OxyContin Manages Pain, yet Can Prove Addictive

by Dr. Rich on June 1, 2013

OxyContin is a strong synthetic opioid that works in the body much like morphine to control people’s pain. Although the drug has proven extremely helpful for pain management, it can bring additional problems to people taking it. OxyContin is highly addictive.

Called oxycodone in its generic form, OxyContin is considered a controlled substance. Physicians who prescribe it for pain control stress how important it is for patients to monitor their intake. In spite of legal and medical precautions, addiction to OxyContin has increased over recent years.

The National Institute on Drug Abuse conducted a study of U.S. high school seniors in 2009 and 2010, revealing that more than five percent of them used OxyContin without holding legitimate prescriptions for it. Of course it is not only young people abusing the drug. Physicians want to help people rid themselves of chronic or severe pain, yet some are erring on the side of under-prescribing pain medications because of drug abuse.

Addiction can sneak up on people, taking them from recreational drug use to dependency before they realize the trouble they are getting into. Often people will deny their addiction. Some spend months or years claiming that they take drugs such as OxyContin on occasion in order to relax.

They believe or say that they believe they are choosing how often they take drugs. They cannot see that the drug has taken control over their lives.
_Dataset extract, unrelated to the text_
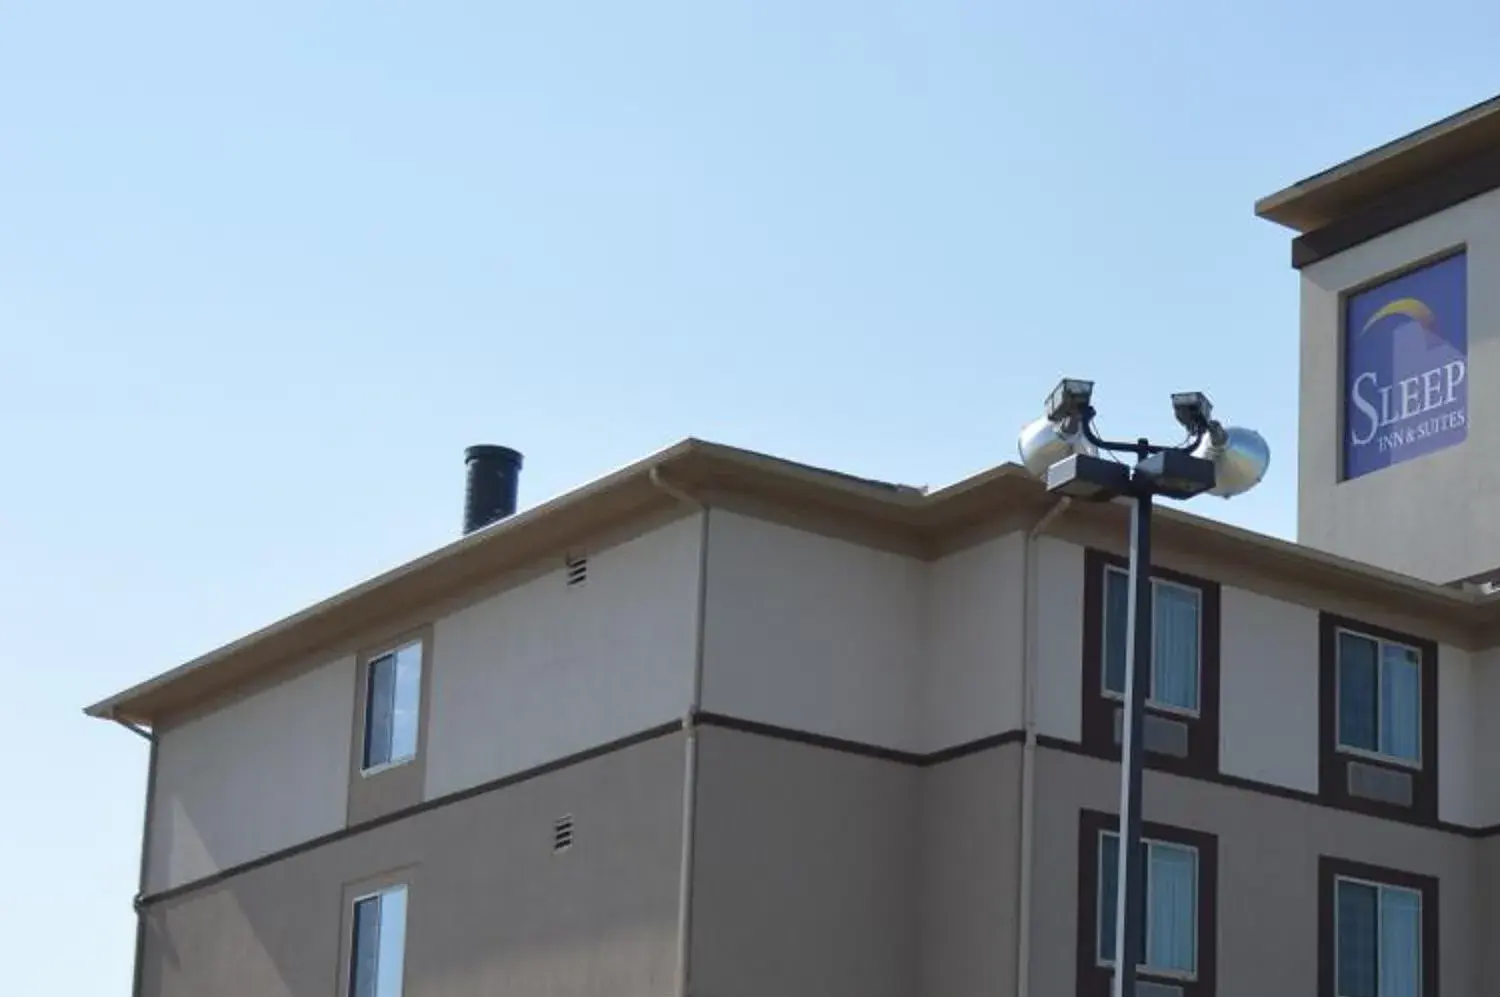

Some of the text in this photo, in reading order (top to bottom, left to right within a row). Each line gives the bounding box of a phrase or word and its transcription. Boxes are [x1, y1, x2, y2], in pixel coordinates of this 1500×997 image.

[1351, 360, 1465, 445] SLEEP
[1378, 409, 1465, 453] INN & SUITES
OxyContin users can cover a simple checklist to evaluate whether they are addicted.

One warning sign is that the user must take more than the old amount in order to achieve the same effect. Drug takers should ask themselves whether they have ever had a legal problem or come close to getting in legal trouble because of drug use. Someone who prefers taking drugs to other activities has probably developed a drug dependency.

If withdrawal symptoms show up when the person skips the drug, addiction is present. Someone may have the best intentions of quitting drug use, but physical and emotional dependency make kicking the habit difficult. They promise themselves and their loved ones that they will quit yet quitting is something far out of reach.

Black-outs are an additional signal that someone has become addicted. When people cannot remember events that happened when they were under the influence or they realize that they blacked out, drug abuse can be at fault. Lying to friends and family about drug use can also signal drug abuse.

OxyContin abuse dismantles a person’s psychological well-being. Over time it can also cause havoc with someone’s physical health. People who fear they are in trouble with the drug, or for the loved ones of someone who might be hooked on OxyContin, knowing the signs of addiction in detail may help start the process of seeking recovery help.

Eating habits that change drastically, leading to either weight gain or loss, can sometimes signal OxyContin addiction. Changes in sleep patterns can also signal addiction. If someone starts sleeping too much or skipping sleep, substance abuse may be present.

Other indicators include: lack of care in appearance and hygiene, slurred speech, impaired coordination, and shaking. In addition, bloodshot eyes, changes in eye pupil size, and foul body odors can provide further clues. Behavioral changes can also signal OxyContin addiction.

Mood swings or violent and sudden fits of temper can hint at drug abuse. Other symptoms that may be noticed are bouts of mania in which a person goes from feeling extremely energetic to becoming quite depressed. If someone has been a good student or worker, then drops off in performance at school or work, problems with drugs may be present.

Other behavioral changes include a sudden secretiveness about activities and absences that cannot be explained. A loss of interest in favorite pastimes may be part of the picture as well as tendency for the drug abuser to shut out old friends and family who disapprove of drugs. Financial problems combined with theft from loved ones is sometimes part of the pattern.

Taking OxyContin above prescribed doses can lead to serious side effects. It is important for the person who suffers such symptoms to seek medical help instead of simply going cold turkey off the medicine. Symptoms include: dizziness, fainting, and swelling of the eyes or tongue.

The throat may also swell which can cause hoarseness and difficulty swallowing. Rash or hives may also appear. The heart may begin beating either more or less rapidly, and respiration problems may set in including difficult or reduced breathing.

Another dangerous side effect of OxyContin is seizures. Other problems that are experienced rarely include impotence, decreased testosterone, and enlarged prostate. A very rare side effect is circulatory collapse. Although OxyContin is a wonderful medicine for pain treatment, its use can lead to abuse and addiction. Help is available.